FIG. 8 depicts a spout portion of the present invention being stacked onto another of the present spout portions in a predetermined orientation with the present self-aligning feature;

FIG. 9 is a perspective view of the front or pouring side of a second alternative embodiment of the present invention; and

FIG. 10 is an overhead plan view of the second embodiment.
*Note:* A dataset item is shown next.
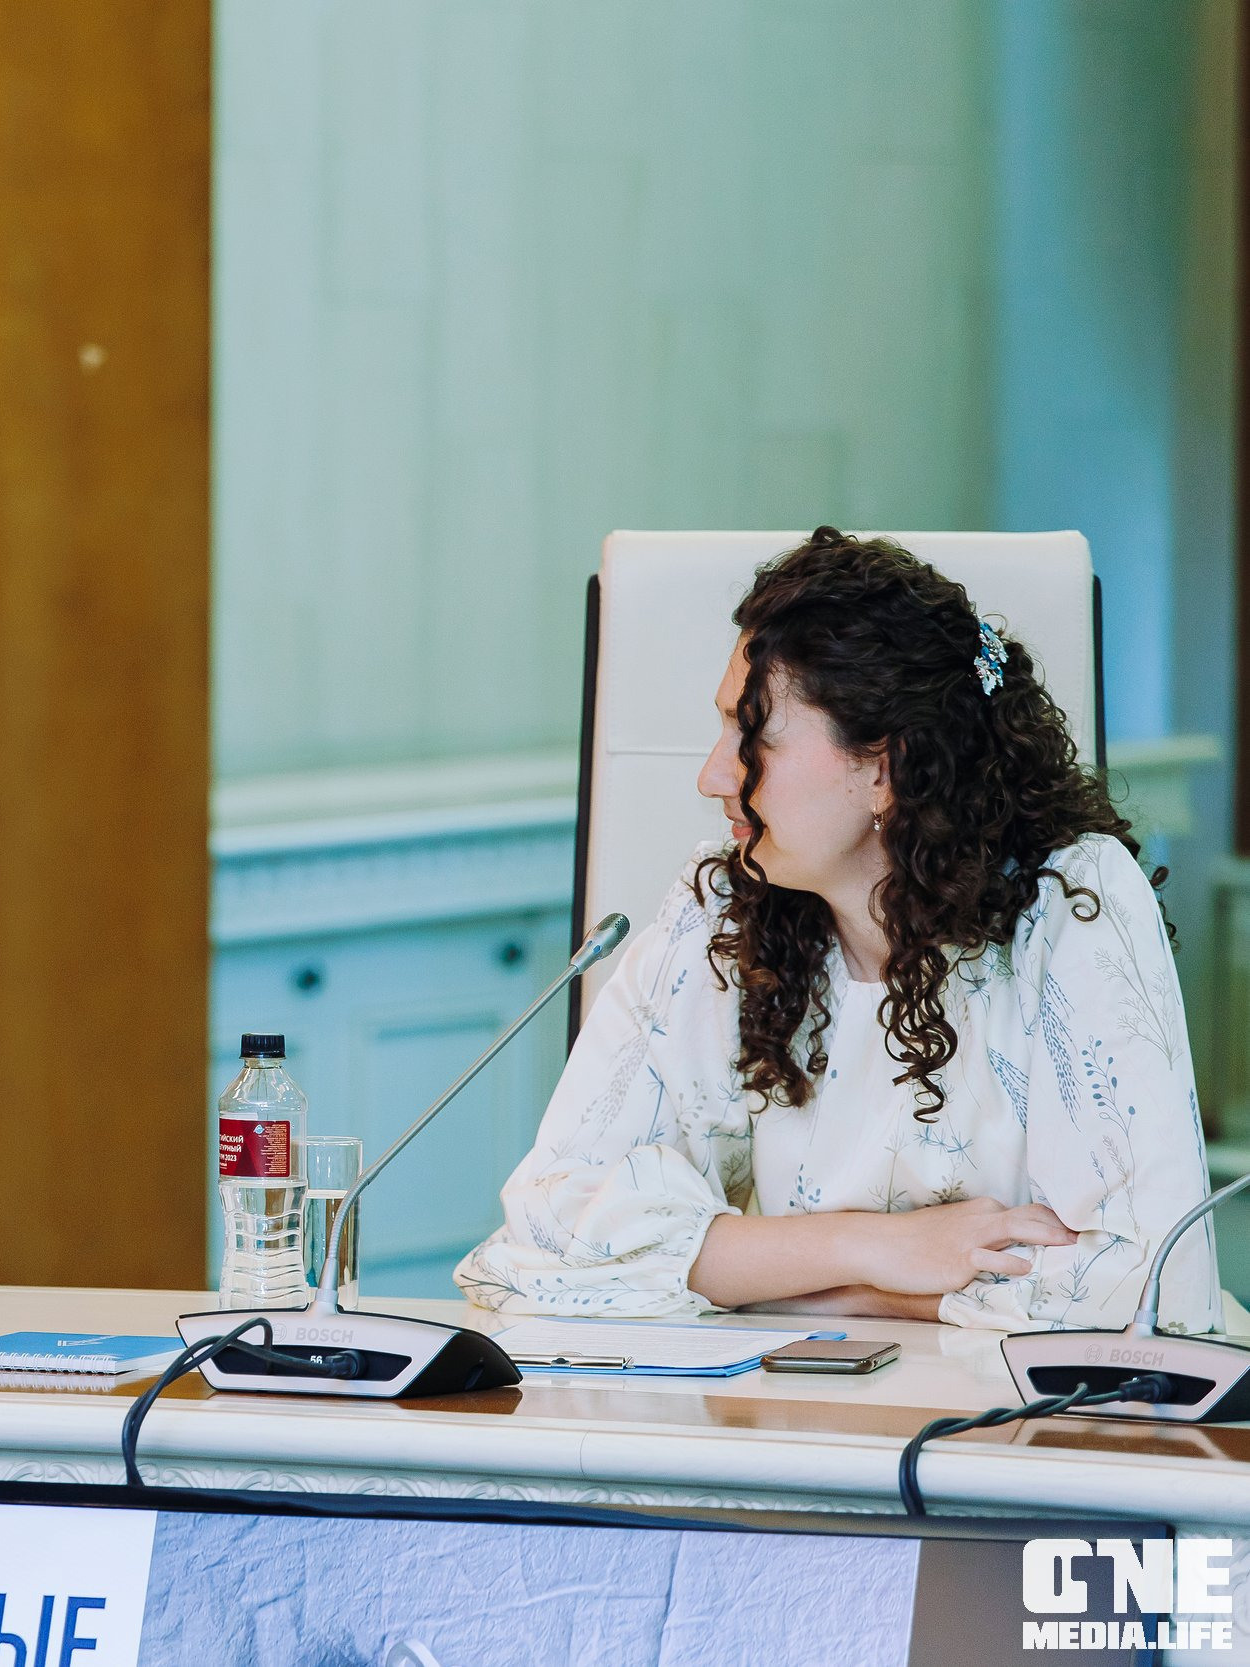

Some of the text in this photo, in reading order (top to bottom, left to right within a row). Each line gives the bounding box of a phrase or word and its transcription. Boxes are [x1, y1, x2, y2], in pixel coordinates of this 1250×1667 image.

[295, 1327, 354, 1343] BOSCH
[310, 1355, 323, 1365] 56
[1109, 1348, 1165, 1366] BOSCH
DESCRIPTION OF THE PREFERRED EMBODIMENT

Referring now to FIGS. 1-3, the first embodiment of the dispenser package of the present invention is generally designated as 10 and is shown exploded from a typical container 12. The container 12 includes a mouth 14, an upper edge 15, and a neck 16 having threads 18 on an exterior surface thereof. A radially projecting peripheral shoulder 20 is located at the base of the neck 16. The neck 16 has an inside finish 22 and a juncture 24 where the neck 16 integrates with the shoulder 20. The container 12 will typically include a handle 26 to facilitate holding the container 12 or when pouring the contents 28 out from the container. The container 12 may be manufactured of a suitable polymeric material, but the specific material used depends on specific needs of the bottler and the substance held within the container 12. The dispenser package 10 is essentially a two piece assembly having a spout portion 30 and a separate cap portion 32.
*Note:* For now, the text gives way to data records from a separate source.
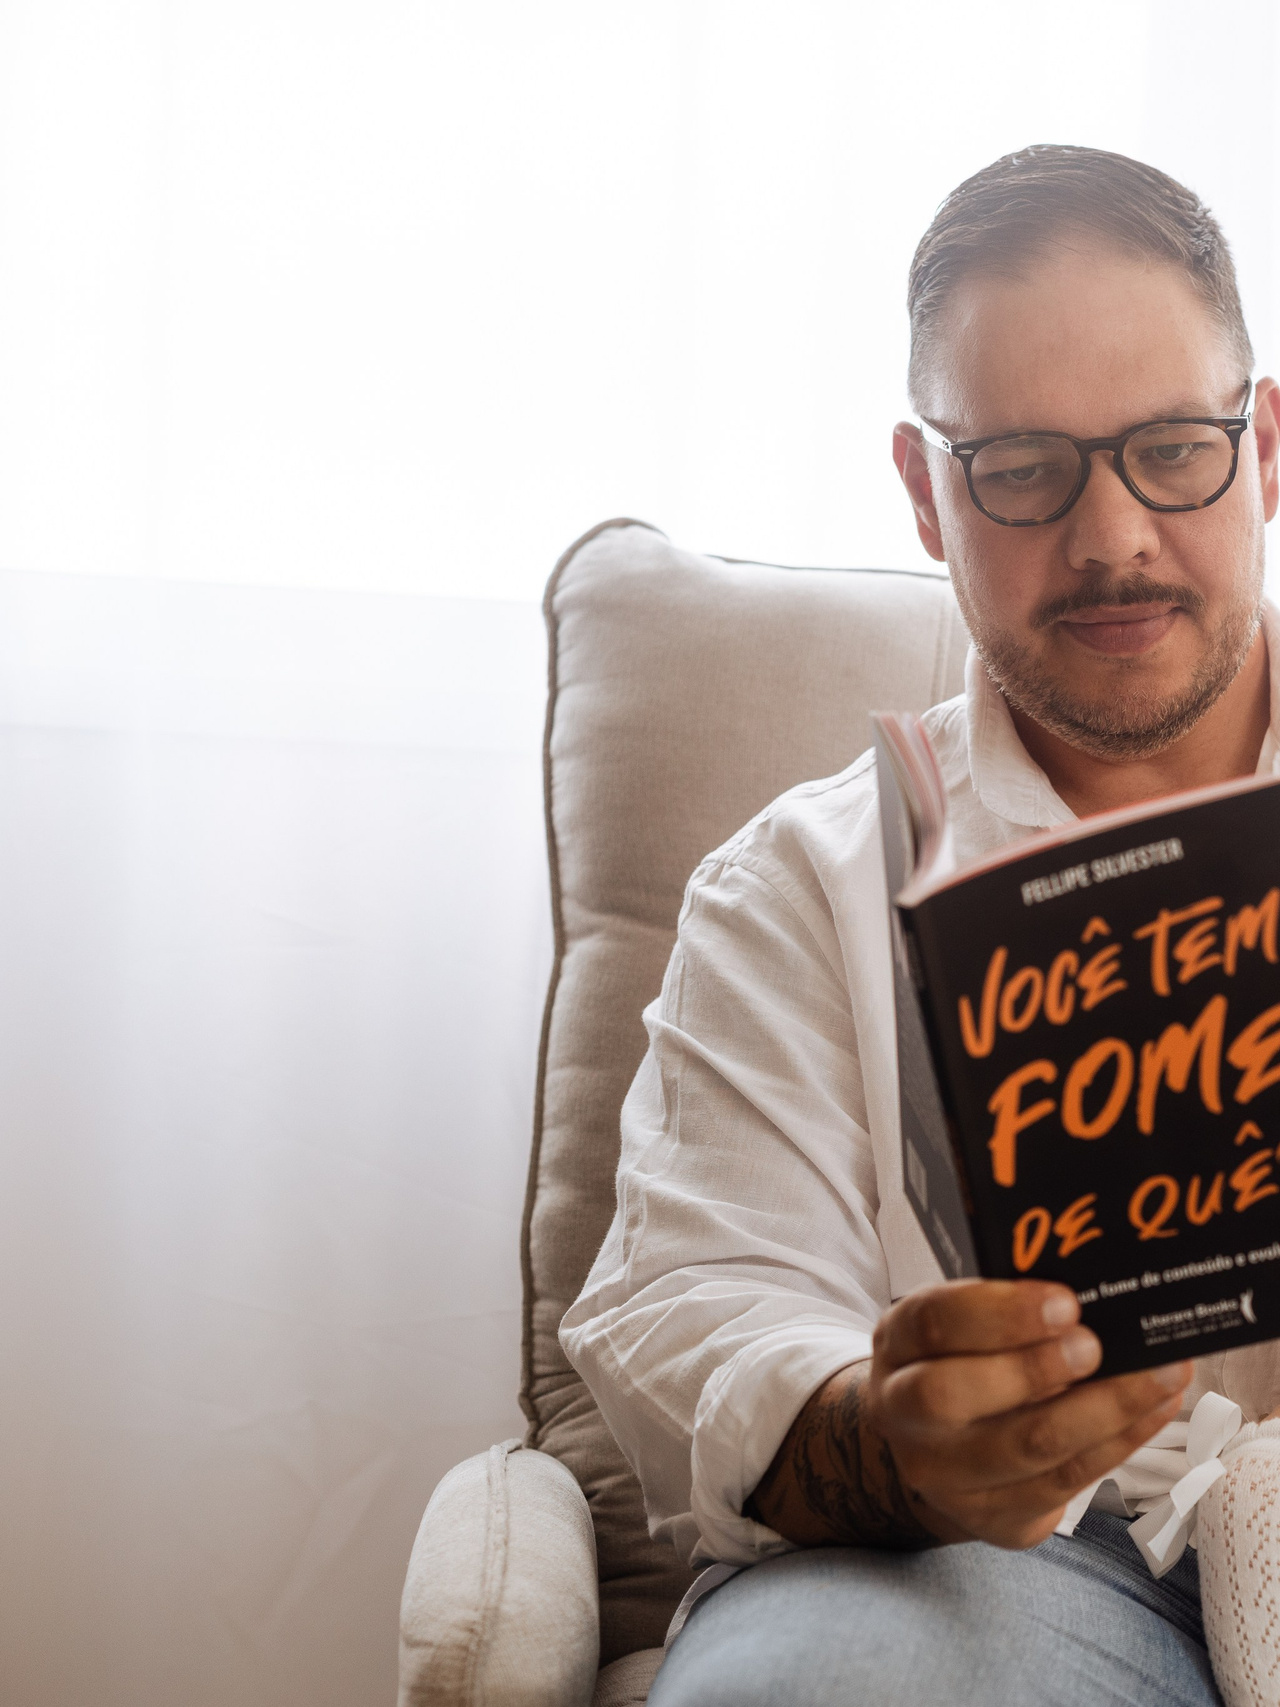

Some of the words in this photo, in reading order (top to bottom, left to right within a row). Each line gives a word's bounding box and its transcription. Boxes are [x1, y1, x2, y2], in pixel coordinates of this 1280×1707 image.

[1020, 862, 1092, 906] FELLIPE
[1090, 837, 1184, 884] SILVESTER
[958, 915, 1128, 1059] VOCÊ
[1012, 1194, 1102, 1272] DE
[1077, 1288, 1099, 1305] ua
[1099, 1281, 1139, 1298] fome
[1140, 1270, 1161, 1288] de
[1162, 1256, 1234, 1283] conteúdo
[1234, 1253, 1246, 1267] e
[1195, 1299, 1239, 1319] Books
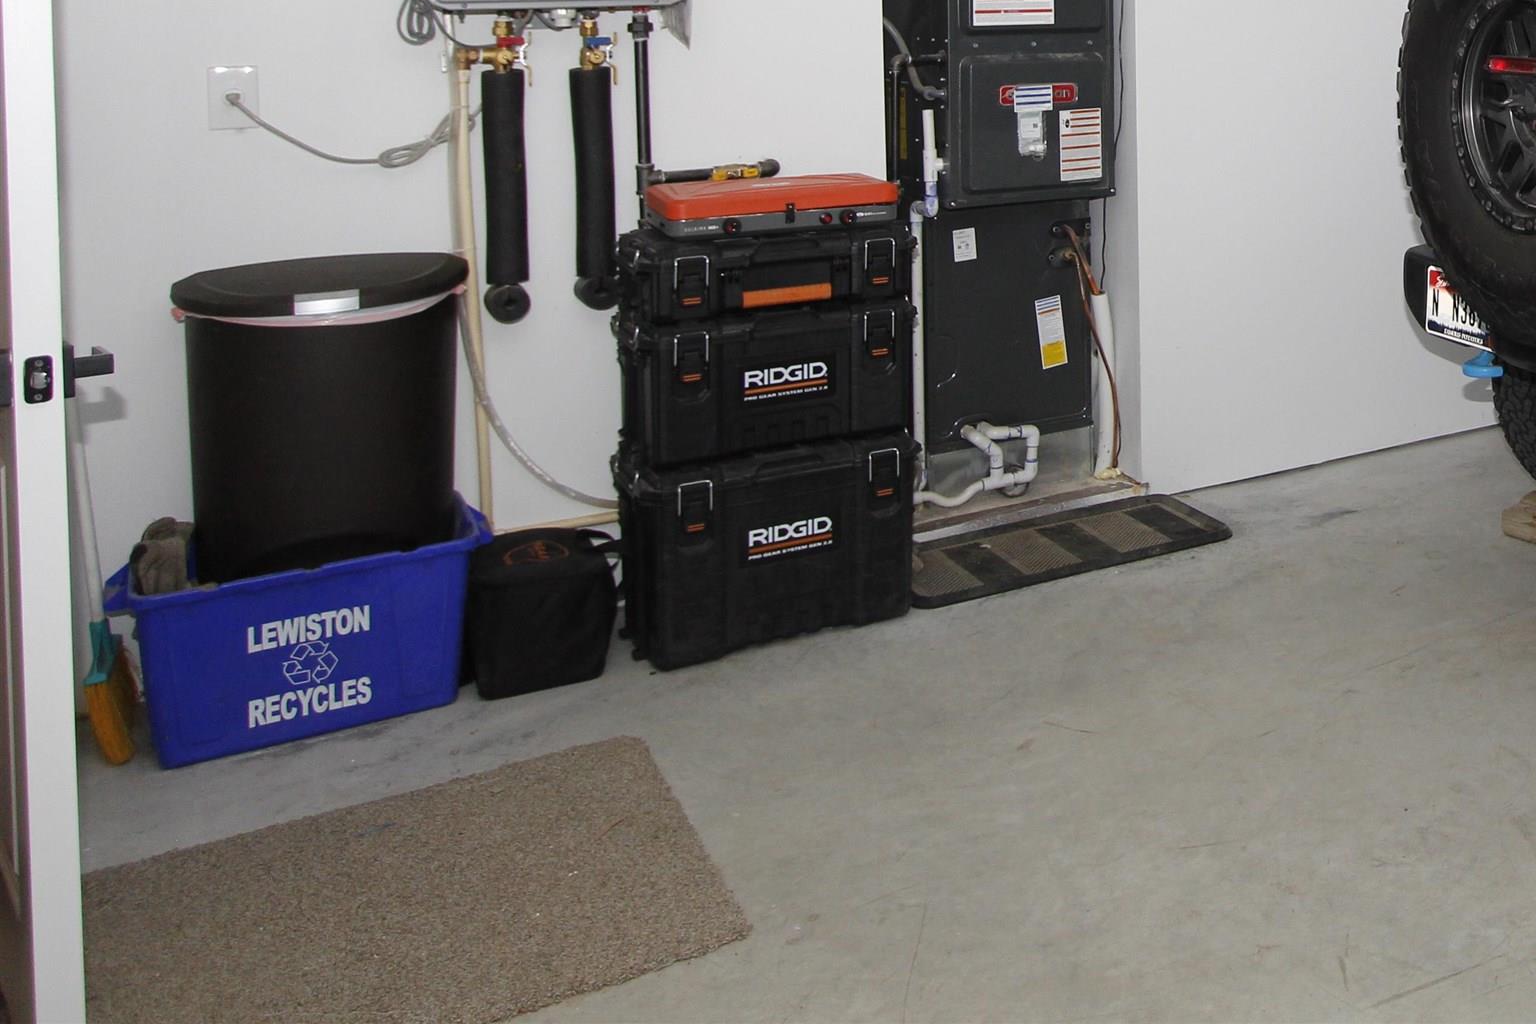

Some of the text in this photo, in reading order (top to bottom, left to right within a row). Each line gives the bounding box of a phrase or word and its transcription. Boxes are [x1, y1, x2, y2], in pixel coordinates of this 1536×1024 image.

[744, 361, 828, 388] RIDGID
[748, 516, 833, 547] RIDGID
[247, 605, 370, 654] LEWISTON
[247, 676, 373, 729] RECYCLES
The cap portion 32 includes a generally flat closed top 34, a generally tubular wall 36 depending from the top end 34 and having a lower end 38. The lower end 38 is provided with a radially projecting annular shoulder 40 having a depending collar 42. To enhance the user's grip of the cap portion 32, the tubular wall 36 may include a plurality of spaced, generally parallel, external gripping ribs 44. The collar 42 is provided with threads 46 on an interior surface 47. The threaded interior surface 47 is configured to threadably engage the threading 18 of the container 12.
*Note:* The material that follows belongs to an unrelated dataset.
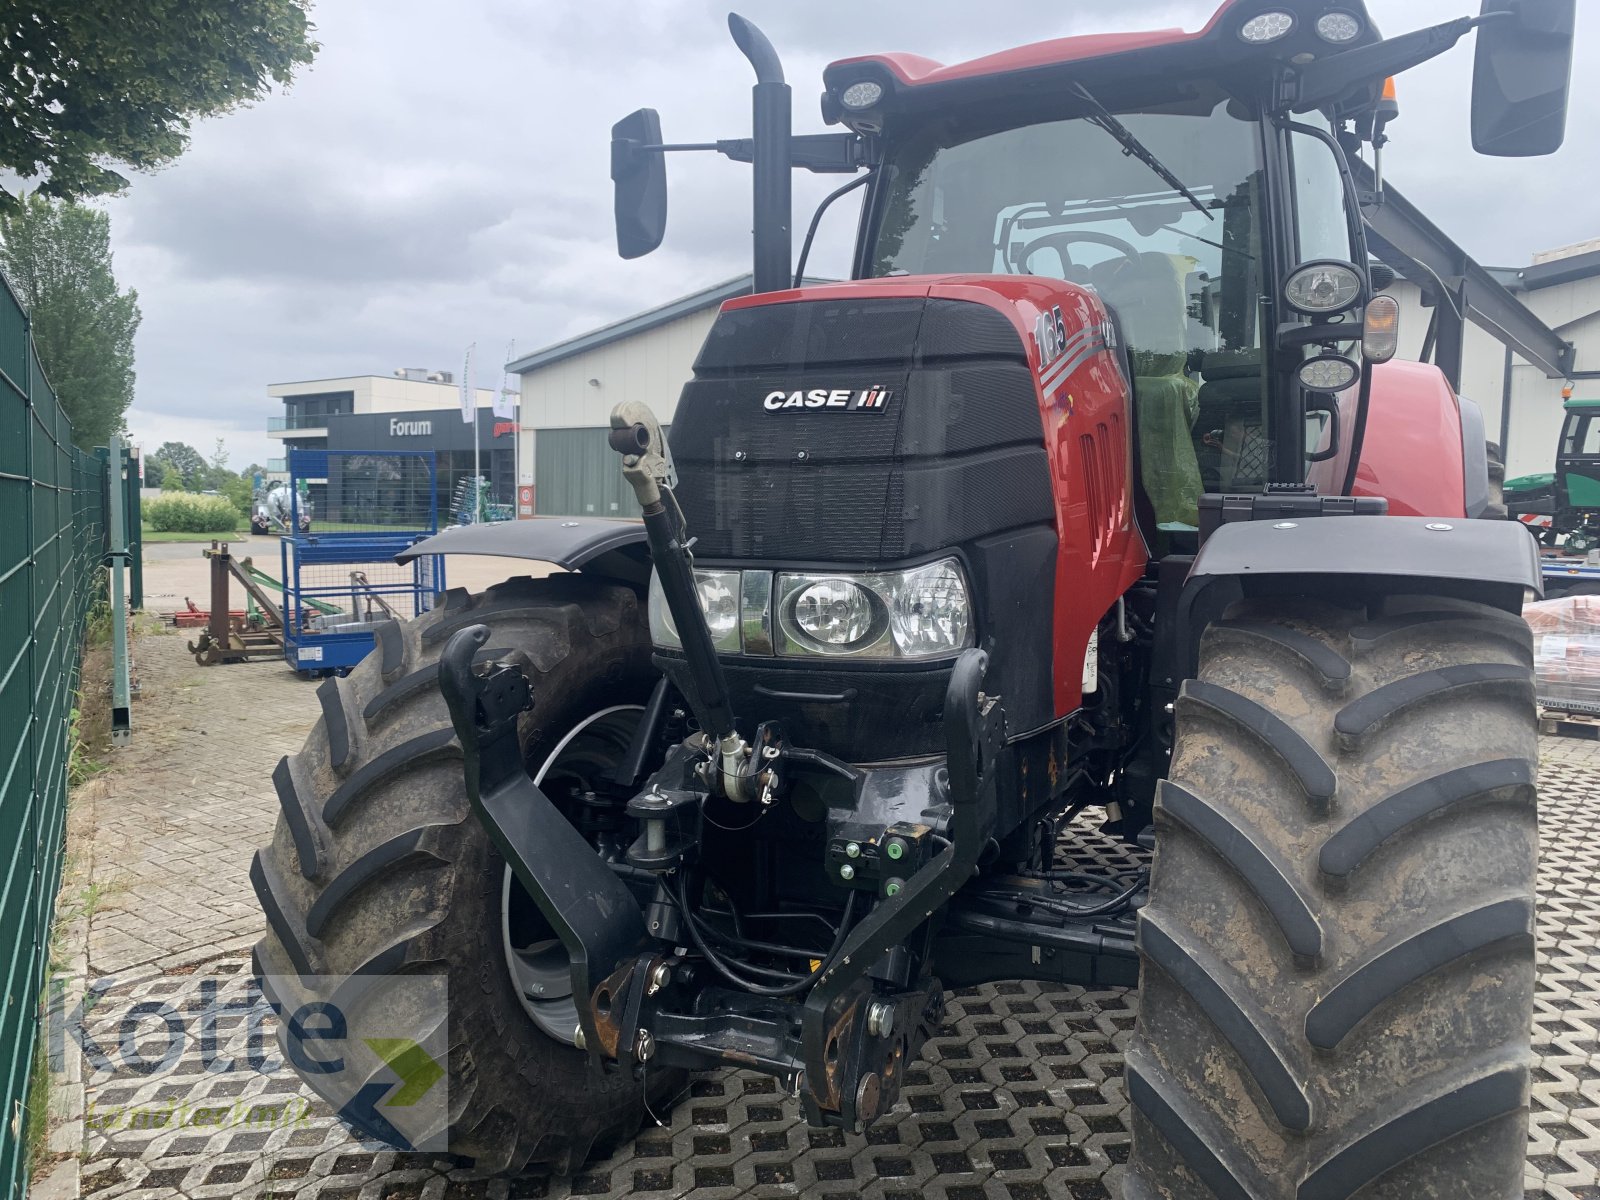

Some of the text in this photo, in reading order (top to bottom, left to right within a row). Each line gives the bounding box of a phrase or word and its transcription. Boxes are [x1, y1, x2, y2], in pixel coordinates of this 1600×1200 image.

[1034, 304, 1066, 373] 165
[763, 389, 851, 410] CASE
[390, 418, 432, 436] Forum
It is shown that in the cap portion 32, the tubular wall 36 at its lower end 38 projects vertically downward below a lower edge 48 of the collar 42. The lower edge 48 is preferably dimensioned to slidingly engage the inner finish 74 of the retaining wall 70 of spout portion 30. Thus, if the cap portion 32 is used as a measuring cup for the contents 28 of the container 12, when the contents are poured from the cap 32, the threads 46 on the collar 42 will not be exposed to the container contents 28. The annular shoulder 40 may also be provided with at least one annular sealing rib 49 which provides a more secure seal between the cap portion 32 and the annular wall 28.

Referring to FIGS. 1 through 5, a spout 50 is integral with the spout portion 30 and is preferably molded as part of the spout portion 30. The spout 50 includes an opening 52 which provides fluid communication with the interior of the container 12 and is disposed through the length of the spout 50. The spout 50 is generally frustoconical having an inside finish 54 and an outer finish 56. The spout 50 has an upper edge 58 which curves downwards from a front or pouring side 60 to a rear or channel side 62. The upper edge completes its downward curve at a floor 64 and forms a channel 66 which is an open slot running the length of the rear side 62 of the spout 50. The channel 66 extends into or is coexistent with the floor 64. The configuration of the spout 50 and the presence of channel enable a steady flow of product to exit the container 12. Channel 66 allows ventilating air to enter the container 12 and help provide force against the contents that together with gravity enables a steady flow stream of product to exit the container 12. The sides of the upper edge 58 may be tapered to help prevent spillage and further enable directional flow when pouring the contents 28.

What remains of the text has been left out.